Des Représentations Drama et Incomprises
Le parcours tragique d’Emilia Pérez ne fait qu’alimenter une image stéréotypée et biaisée des vies transgenres. Jonas Ben Ahmed, acteur et formateur, regrette que les représentations cinématographiques des personnages trans soient souvent limitées à des destins tragiques ou non satisfaisants, une narration néfaste pour les jeunes trans qui ne voient autour d’eux que des futurs incertains ou tragiques.
Un Symbolisme Potentiellement Néfaste
Les implications d’une telle représentation peuvent être dangereuses, note Jonas Ben Ahmed, surtout face à des discriminations déjà présentes. Une étude danoise récente indique que le risque de tentative de suicide est significativement plus élevé chez les personnes transgenres, ce qui confère à ce type de représentation un potentiel d’influence négatif. Ben Ahmed souligne l’importance de traiter ces sujets avec prudence, car leurs répercussions arrivent au quotidien dans la vie de ces individus.
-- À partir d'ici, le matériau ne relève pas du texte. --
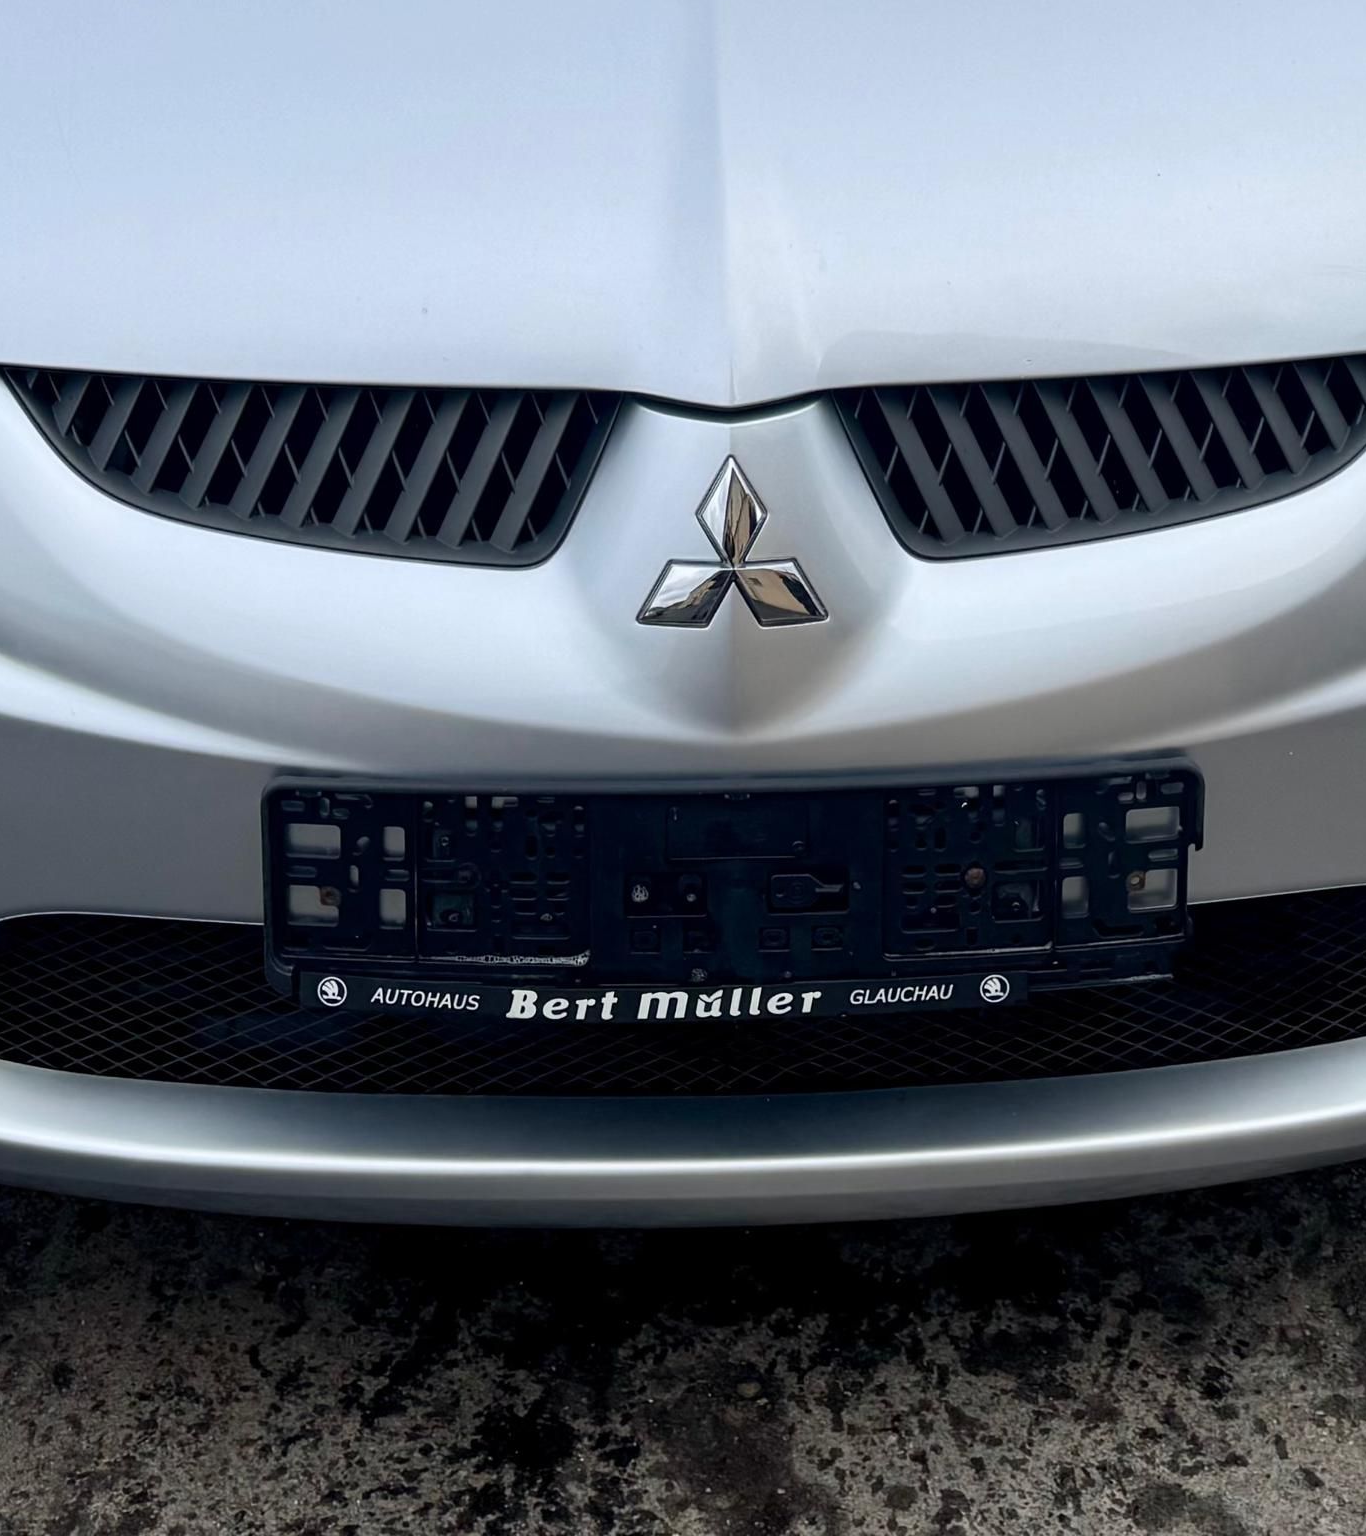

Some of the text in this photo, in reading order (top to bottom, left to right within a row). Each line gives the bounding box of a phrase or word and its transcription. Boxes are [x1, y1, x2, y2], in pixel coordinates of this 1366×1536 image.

La Nécessité d’une Intégration Authentique
Malgré un choix applaudi d’embaucher une actrice transgenre, Karla Sofia Gascon, pour incarner le personnage principal, il est vital de laisser les personnes concernées prendre part aux processus créatifs dès l’étape du scénario, soutient Morgann Gicquel, car la méconnaissance ou la malveillance involontaire risquent de compromettre le projet final, particulièrement lorsqu’il s’agit de sujets aussi sensibles.
Un Débat dans un Contexte Social Élargi
Les remous entourant Emilia Pérez s’inscrivent dans un débat social de large portée. Le climat politique tendu aux États-Unis, incarné par le retour de Donald Trump et ses politiques peu favorables aux droits LGBTQ+, replace ce film au cœur d’enjeux plus profonds quant à la visibilité et les droits des personnes trans. Bien qu’Audiard n’ait pas explicitement répondu aux critiques, lors de la cérémonie des Golden Globes, il a dédié ses récompenses « à tous ceux qui se sentent inquiétés », encourageant à persévérer face à l’adversité.
Le film continue de faire débat, soumettant à la réflexion ses intentions et le impact de ses représentations dans un monde en constante évolution quant à la reconnaissance des diversités de genre.